Transcribe the listing below word for word but skip its images.

== Provided records

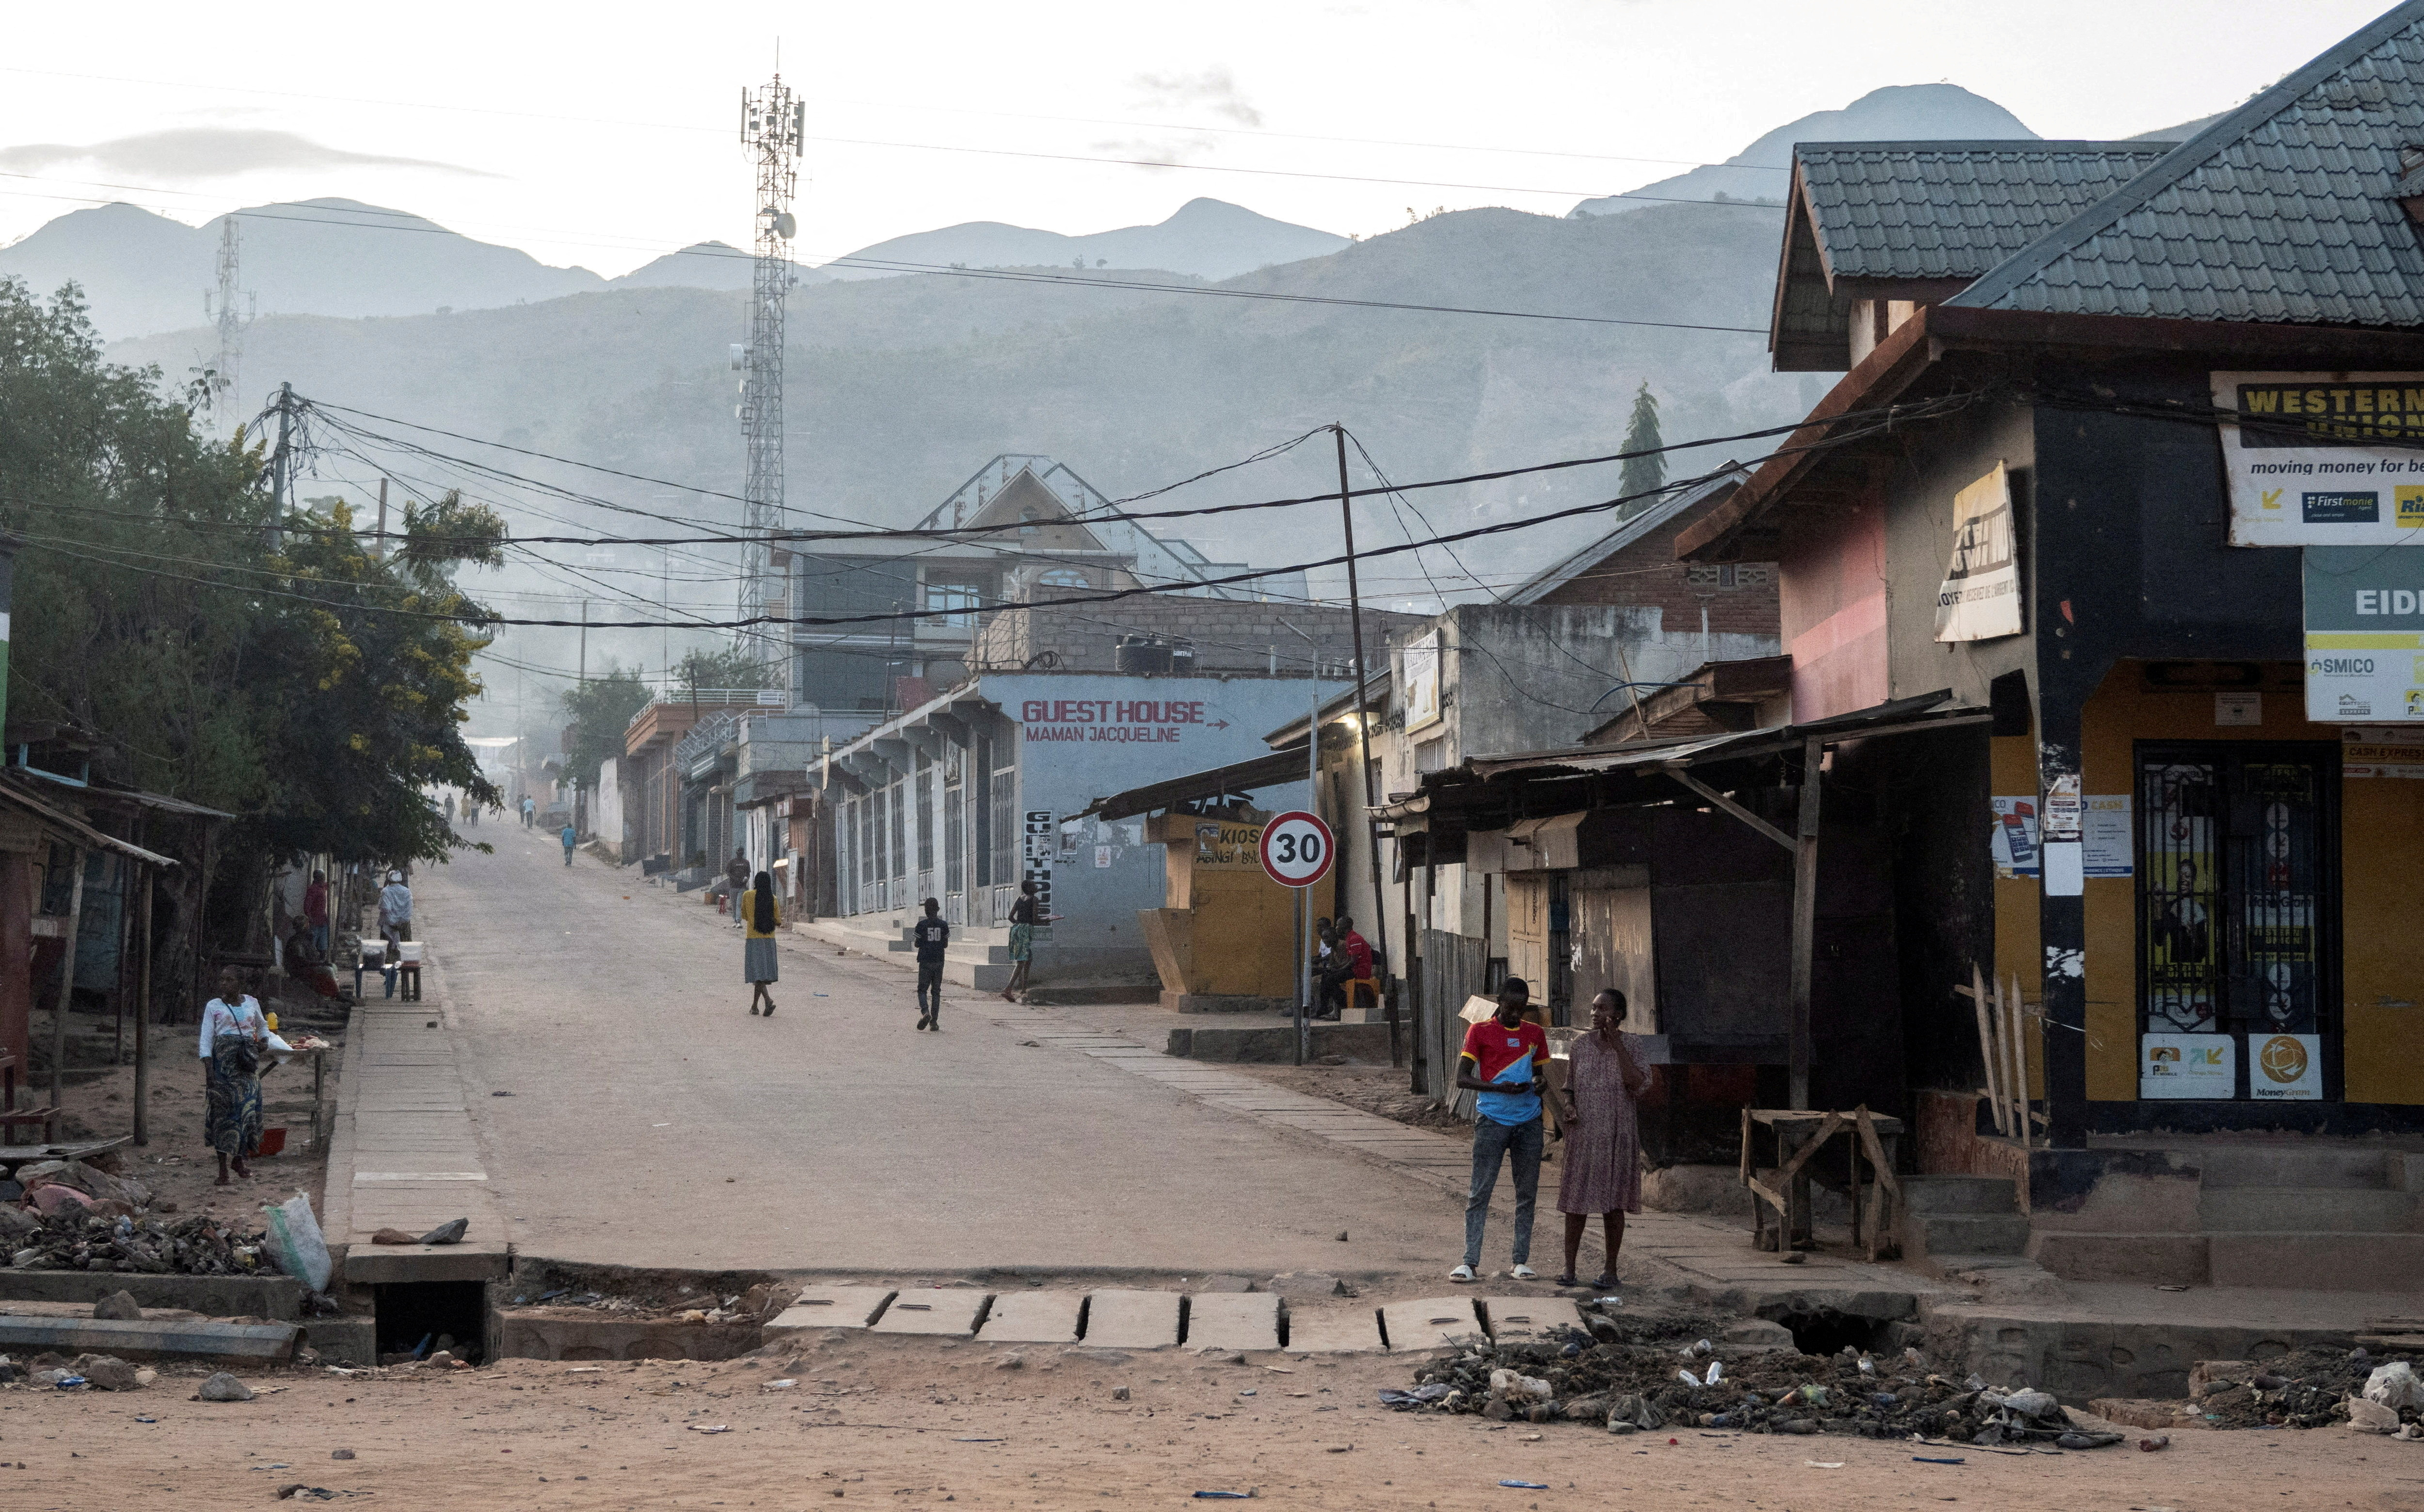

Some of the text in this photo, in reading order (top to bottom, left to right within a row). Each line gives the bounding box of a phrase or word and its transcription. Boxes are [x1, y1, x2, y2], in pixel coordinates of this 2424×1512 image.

[2246, 389, 2424, 414] WESTERN
[2251, 460, 2313, 476] moving
[2319, 462, 2375, 475] money
[2380, 459, 2404, 473] for
[1938, 591, 1962, 607] OYEZ
[2324, 658, 2374, 673] SMICO
[1022, 700, 1205, 723] GUEST HOUSE
[1026, 727, 1180, 743] MAMAN JACQUELINE
[2379, 748, 2424, 758] EXPRES
[1219, 829, 1261, 844] KIOS
[1276, 833, 1320, 863] 30
[927, 927, 941, 941] 50

====

# [Finished task]
Some of the text in this photo, in reading order (top to bottom, left to right within a row). Each line gives the bounding box of a phrase or word and its transcription. Boxes are [x1, y1, x2, y2], in pixel coordinates of this 2424×1512 image.

[2246, 389, 2424, 414] WESTERN
[2251, 460, 2313, 476] moving
[2319, 462, 2375, 475] money
[2380, 459, 2404, 473] for
[1938, 591, 1962, 607] OYEZ
[2324, 658, 2374, 673] SMICO
[1022, 700, 1205, 723] GUEST HOUSE
[1026, 727, 1180, 743] MAMAN JACQUELINE
[2379, 748, 2424, 758] EXPRES
[1219, 829, 1261, 844] KIOS
[1276, 833, 1320, 863] 30
[927, 927, 941, 941] 50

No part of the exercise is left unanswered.